Hoje experimentei o novo carro do metrô, aquele que vem substituindo toda a antiga frota.

Não gostei.

Contudo, admito que os novos carros são realmente incríveis, meus parabéns. O ar condicionado é potente, fundamental nos dias quentes do verão carioca, mesmo tendo me deixado meio gripado. Os carros também são robustos, têm mais espaço interior e a sacada de tirar as divisórias entre os vagões é genial. O tempo entre as estações também diminuiu, concluí que eles são mais velozes e silenciosos. Gostei que os carros consomem menos energia, também. Vi isso na publicidade que ficava passando nas televisõeszinhas pequenas dentro deles. E os bancos? Bem dispostos, de maneira que mais pessoas possam se sentar. Pareceu tudo muito bom. Mas só pareceu mesmo. Porque na primeira viagem percebi o quanto as coisas estão mudando entre nós, Governador. E isso me perturba.

Vamos aos fatos.

Hoje não levei nenhuma cotovelada enquanto as portas se abriam. Ninguém limpou o suor usando minha camisa. Não vi grávidas ficando em pé, marmanjos no vagão das mulheres e, principalmente, não fui encochado por um gordo excitado. Agora me responda, Sr.Governador, para quê andar de metrô se não existe a possibilidade de ser encochado por um gordo excitado - ou, eventualmente, encochar um? Com todo o respeito, se eu quisesse viajar com tranquilidade, singularidade e frescor, pegava um ônibus executivo, quem sabe um táxi. Mas não: eu quero andar de metrô! Logo, espero que a companhia me ofereça um serviço de metrô legítimo, que tenha gente se empurrando na disputa por um assento e que viaje com mochila nas costas. Que se proponha a respeitar a legitimidade cultural desse tipo de transporte num país de terceiro mundo, e não transforma-lo diante a pressão de parte ínfima da população que exige, infelizmente, o mínimo de respeito. Poxa, agora eu vou fazer Pavuna x General Osório como se fosse Châtelet x Saint-Dennis? Tá achando que isso aqui é Europa? Sr.Governador, eu só quero continuar voltando para casa como nos bons tempos, imobilizado na multidão, tendo que pedir para um desconhecido coçar minha testa por não conseguir levantar os braços. O Sr. entende meu ponto? Aliás, o Sr. já sentiu o suor de um estranho no cangote? Ao menos sabe que sensação é essa? Acho que não. Mas isso não significa que o Sr. não seja capaz de compreender que eu não quero perder esse tipo de coisa, né. Afinal, esses são os velhos costumes! Que por anos firmaram-se como patrimônio púbico deste povo. Saibamos valorizá-los e preservá-los. Portanto, com esses novos carros o Sr. está passando por cima dos vários anos em que fomos transportados como gado e, consequentemente, por cima de nossa História.

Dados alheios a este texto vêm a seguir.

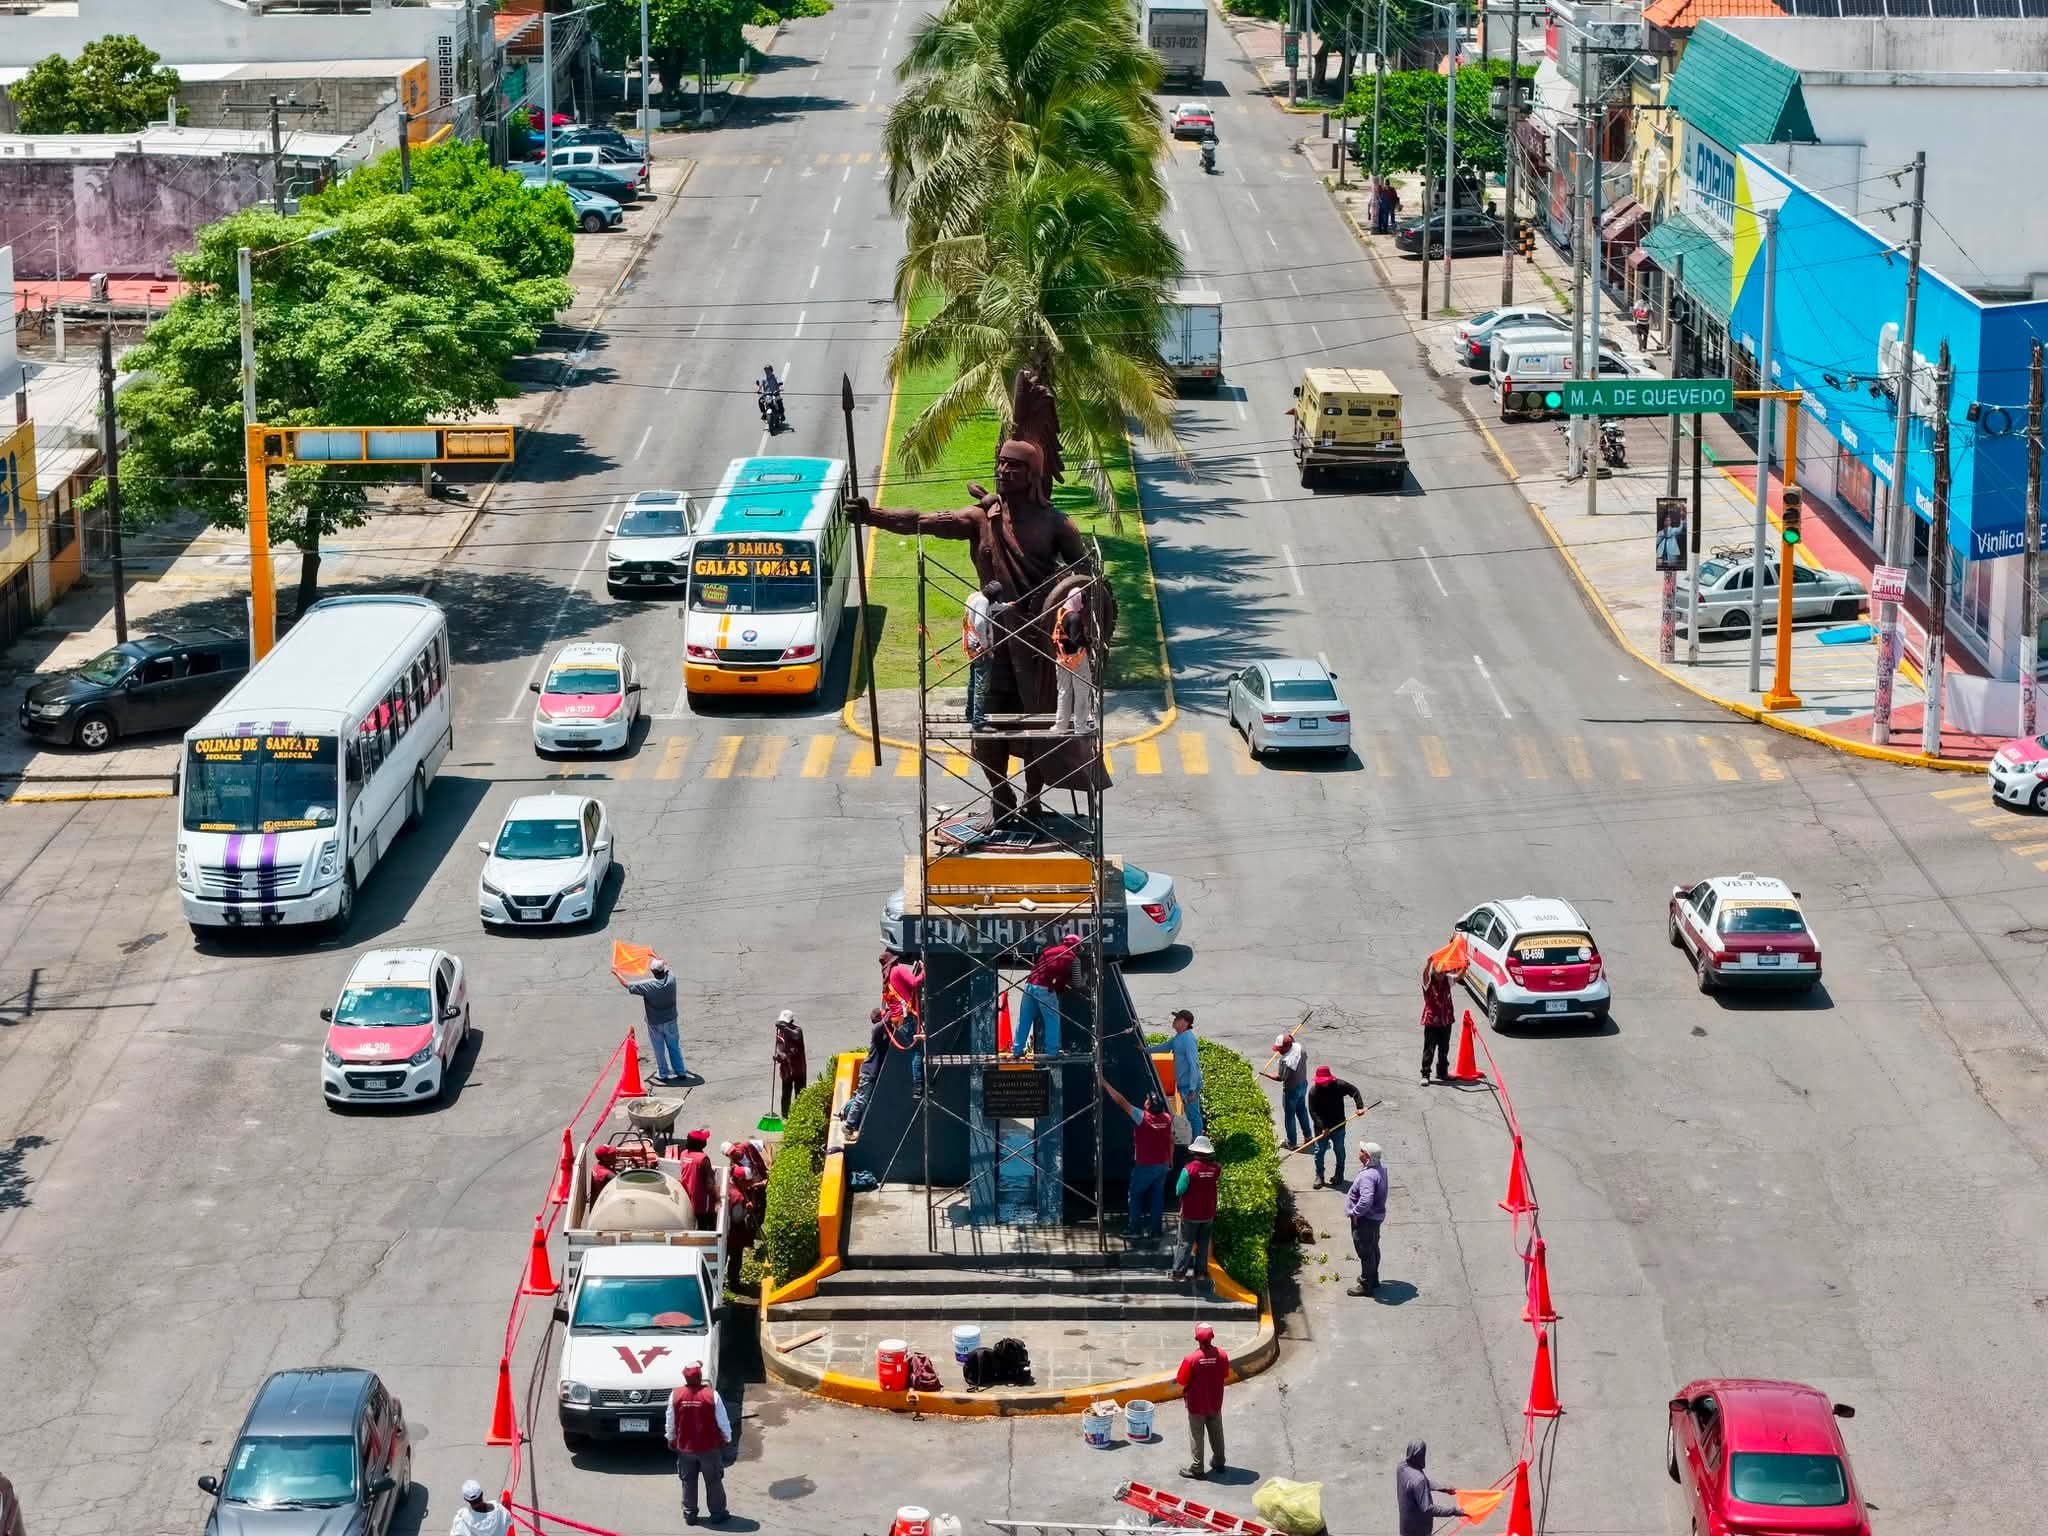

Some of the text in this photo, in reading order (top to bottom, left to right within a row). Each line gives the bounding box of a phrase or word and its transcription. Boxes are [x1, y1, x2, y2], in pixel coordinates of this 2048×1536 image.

Ao que parece, Sr.Governador, esses são tempos que não voltam mais. Tempo que todo carioca lembrará com carinho, vislumbrando nostalgicamente o agradável infortúnio que é ser um suburbano. Um dia espero que o Sr. entenda que o povo exige a dignidade de um glorioso retorno às raízes, aos dias em que éramos transportados sem o menor respeito pelas linhas ferroviárias de sua cidade. Se este dia chegar, o Sr. saberá onde nos encontrar: estamos em algum lugar entre as linhas um e dois do metrô, das 5h às 23h, confortáveis, frescos e civilizados, como nunca haveríamos de ser, NÃO FOSSE VOCÊ.

Atenciosamente,
Um de nós.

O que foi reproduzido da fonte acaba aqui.